It always appears to me that any old, matured culture of the world strives to make better human beings out of its followers. Someone said, to be wise means, to be able to care for others. One needs to be able to understand the other person’s point of view in order to be able to care for them. Perhaps, that is why going to sacred places is also an opportunity to get closer to the nature as well as to experience life of the locals, thus getting a different perspective, and maybe getting one step closer to becoming wise.
Kedarnath and Badrinath were not really pilgrimage for me. They were opportunity to go out for a while. Also, as someone ever intrigued by the great Himalayas, they seemed to be a heaven sent opportunity.

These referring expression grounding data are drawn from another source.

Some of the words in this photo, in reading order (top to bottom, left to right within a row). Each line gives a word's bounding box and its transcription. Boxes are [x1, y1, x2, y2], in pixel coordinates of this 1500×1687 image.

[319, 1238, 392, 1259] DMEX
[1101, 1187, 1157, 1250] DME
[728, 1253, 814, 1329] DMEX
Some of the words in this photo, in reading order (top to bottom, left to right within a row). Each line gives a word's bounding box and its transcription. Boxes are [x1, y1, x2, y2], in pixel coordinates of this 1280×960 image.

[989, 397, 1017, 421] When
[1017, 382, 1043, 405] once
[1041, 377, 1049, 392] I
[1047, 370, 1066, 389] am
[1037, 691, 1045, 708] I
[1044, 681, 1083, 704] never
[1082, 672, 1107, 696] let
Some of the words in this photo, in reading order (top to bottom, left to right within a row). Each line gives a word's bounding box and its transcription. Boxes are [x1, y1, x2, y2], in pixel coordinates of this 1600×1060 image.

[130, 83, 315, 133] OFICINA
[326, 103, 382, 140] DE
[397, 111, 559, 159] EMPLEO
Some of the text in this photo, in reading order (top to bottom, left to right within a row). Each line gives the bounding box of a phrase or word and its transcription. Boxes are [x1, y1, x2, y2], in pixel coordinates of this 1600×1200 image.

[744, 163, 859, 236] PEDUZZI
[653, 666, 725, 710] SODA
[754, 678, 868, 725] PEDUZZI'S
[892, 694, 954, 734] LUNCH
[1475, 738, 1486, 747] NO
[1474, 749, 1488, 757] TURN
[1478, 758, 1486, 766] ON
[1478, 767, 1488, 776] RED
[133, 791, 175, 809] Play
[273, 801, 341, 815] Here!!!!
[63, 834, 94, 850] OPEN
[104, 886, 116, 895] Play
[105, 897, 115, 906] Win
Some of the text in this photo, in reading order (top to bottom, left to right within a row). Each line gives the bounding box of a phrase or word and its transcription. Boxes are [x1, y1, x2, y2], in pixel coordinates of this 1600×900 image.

About Kedarnath and Badrinath:
These two are high altitude shrines dedicated to Lord Shiva (Kedarnath) and Lord Vishnu (Badrinath) . They are amongst the most sacred shrines for Hindus and are part of a famous pilgrimage route, called chota Char Dham Yatra. The Chota Char Dham Yatra includes besides the other two, Gangotri ( Origin of River Ganga ) and Yamnotri (Origin of river Yamuna). These two other sites dedicated to the rivers are worshipped as Shakta Goddesses. It is said that visiting these shrines once in life will enable the person to attain..yes you guessed it right, All important Nirvana! Disclaimer: Please try at your own risk! 😀
Kedarnath , the shrine dedicated to the Hindu deity Shiva is situated in Garhwal Himalayan range with Mandakini river flowing beside it, in a place called Kedarnath in the state of Uttarakhand in India. It is one of the 12 Jyotirlingas, manifestations of Shiva as per Hindu religious belief. Situated at around 3500 Meters above sea level, this place is accessible only through late April to October end each year. For the rest of the time, it remains closed due to the harsh winters.
Badrinath is a shrine dedicated to lord Vishnu. It is also situated at around 3100 Meters above sea level. The same also is inaccessible during winter due to snow fall. It is Badri Vishal as called by the devout.
To access these higher regions, the starting point happens to be the very place River Ganges exits the Himalayan foothills to meet the plains…Haridwar.
According to mythology, while carrying the pot containing the divine elixir or Amrit, some drops of it fell at seven places. These places are called as Sapta puri. Haridwar is one of these cities. Haridwar is an ancient city. It is also a densely populated, gigantic organised mess just like any other Indian city, where everyone and everything has its place.
One can walk the alleyways of this city, seeing people, pilgrims, sadhus, sellers coming from all corners, see the city coming together for the Ganga Arati (Prayer ceremony for the River Ganges) in all its grandeur
or else, just sit back at one of its ghats during evening and watch the world go by. Har Ki Pauri (Foot hills of Shiva ) is one of the most secred ghats in Haridwar. It is this exact Ghat, where the elixir spilled according to the ancient texts.
Whether one would get an extended time for ones life by coming to this ghat is secondary, but one will certainly get to see some delightful scenes.
In the evening, people sell small leafy containers filled with flower, lamp and sweets. These are then set afloat in the river Ganges by many individuals as a symbol of reverence.
The sights of several for these diyas floating in the dark waters of the river is a sight to behold. With many people around, temple bells ringing, smell of incense, flower in the air sitting on the Ghat is bound to make time fly. We stayed at the ghats till late and decided to head home for an early start to reach Sitapur the next day for visiting Kedarnath.